Preface to the first edition

He begins by introducing the phenomenal noumenal (But not acknowledging or introducing these teams yet) difference by saying that there is a certain class of knowledge, which due to its own constitution, poses questions which it cannot solve. What becomes Kantian antinomies!

He then makes a quasi historical tracing, referring to the dogmatists and skeptics, then referring to Locke (Who he says was wonderful though led metaphysics back to the root of senses; an assumption on Kant’s part of something wrong, probably the better parts of Hume address this better) then back to the dogmatists again (Presumably Lebniz and Wolff). He then said at present there was indifferentism. And what I gather is that these are mechanical objectivists, those who claim science constructs and describes processes and truths indifferent to the truths of metaphysics (Ah! Metaphysics, gobbledygook mired in antinomy – The Indifferentistt <Exactly! Here is what Kant means at the beginning of the preface>).

Then he details the nature of the critique. He says that reason requires a court of appeals (A court of appeals deals with objects of legality de jure, and not de facto. Kant then does something I like here. He says his readers will assume indignation at the apparently massive comprehension of Kant’s system. Right before the following he says there are not metaphysical issues not treated by his system: According to Kant (because of the nature of Copernican revolution to be addressed later) it is more ‘moderate’ than one searching for example, for ‘the nature of the soul or the beginning of the world’. I think it is no coincidence that Descartes subtitle for the Meditations is “IN WHICH THE EXISTENCE OF GOD AND THE IMMORTALITY OF THE SOUL ARE DEMONSTRATED”

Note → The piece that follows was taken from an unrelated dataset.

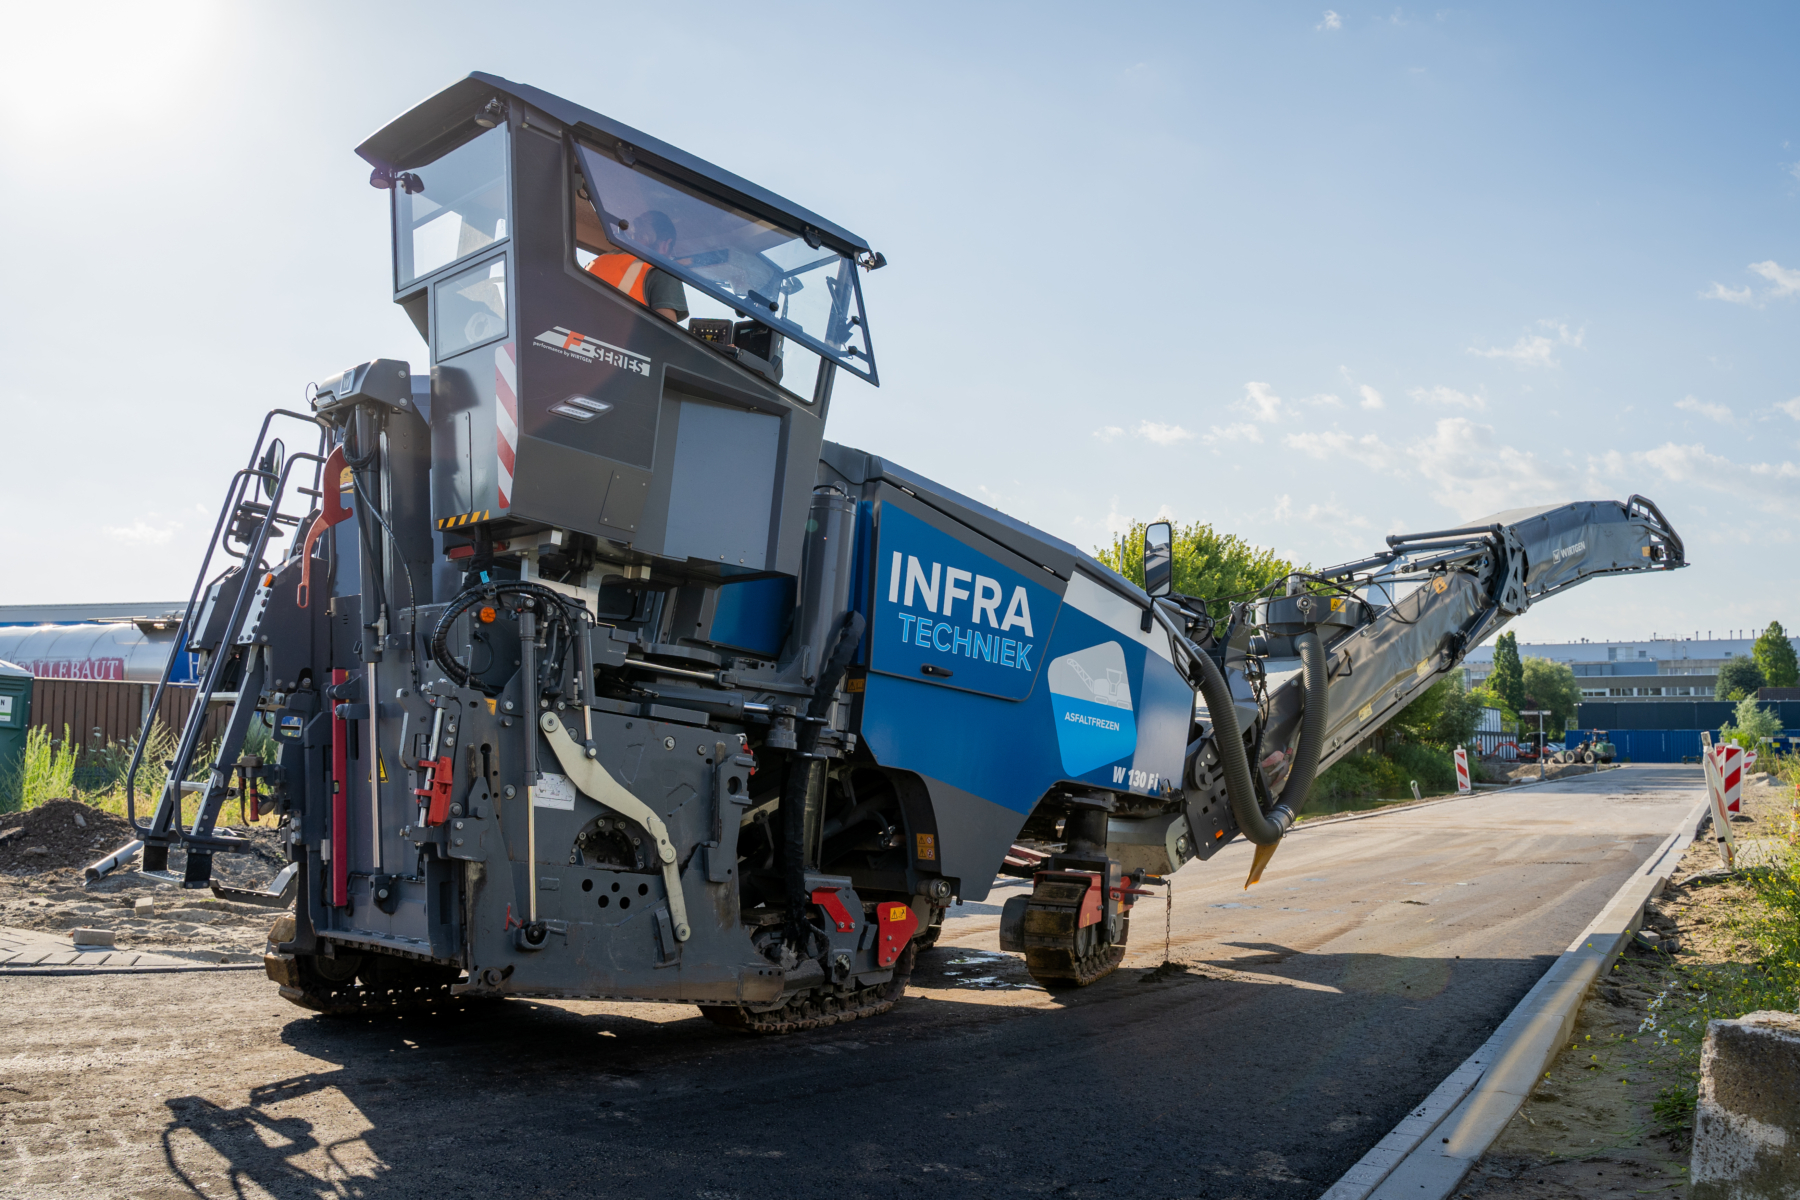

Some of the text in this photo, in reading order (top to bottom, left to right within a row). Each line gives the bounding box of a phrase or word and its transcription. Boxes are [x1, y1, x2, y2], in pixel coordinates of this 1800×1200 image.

Existence of God – Proven through the Causal Principle in Meditation 3 (Beginning of world=God)

Nature of the soul- The Cogito, ‘discovered’ in Meditation 2.

So, Kant is indeed moving as a distinctly past. However, he is saying since the critique in question of synthetic a priori truths, it will remain entirely clear and certain. ​​

Certainty:

The most important aspect of this is the exposition of the rules and limits of the faculty of understanding, which is to take place in the Transcendental Analytic under Deduction of the Pure Concepts of the Understanding. He says the inquiry rests on two dies of a deep foundation 

  1. The objects of the pure understanding, explaining the validity of its a priori concepts. (Phenom/noumenal)
  2. The subjective aspect which is detailed by the power and possibility of knowledge itself (Conditions of possibility)

He says this because his self proclaimed guiding question is : “What, and how much, can understanding and reason know independently of all experience” AKA synthetic a priori judgements. But not “How is the faculty of understanding itself possible” This second question is a ‘search for tech asue of a given effect” and thud, a hypothesis. A hypothesis is a form of opinion and that is in its nature. Kant is doing something different with his question. 

Clarity: Reader has the right to demand both:

  1. Discursive (Logical) clarity through concepts
  2. Intuitive (Aesthetic) clarity through Intuitions

He even says there will be no examples. They are the actual abstractions. They’re like secondary qualities to the Arguments. Kant then wraps up with some stuff that’s redundant and makes further illusions to how the work proceeds.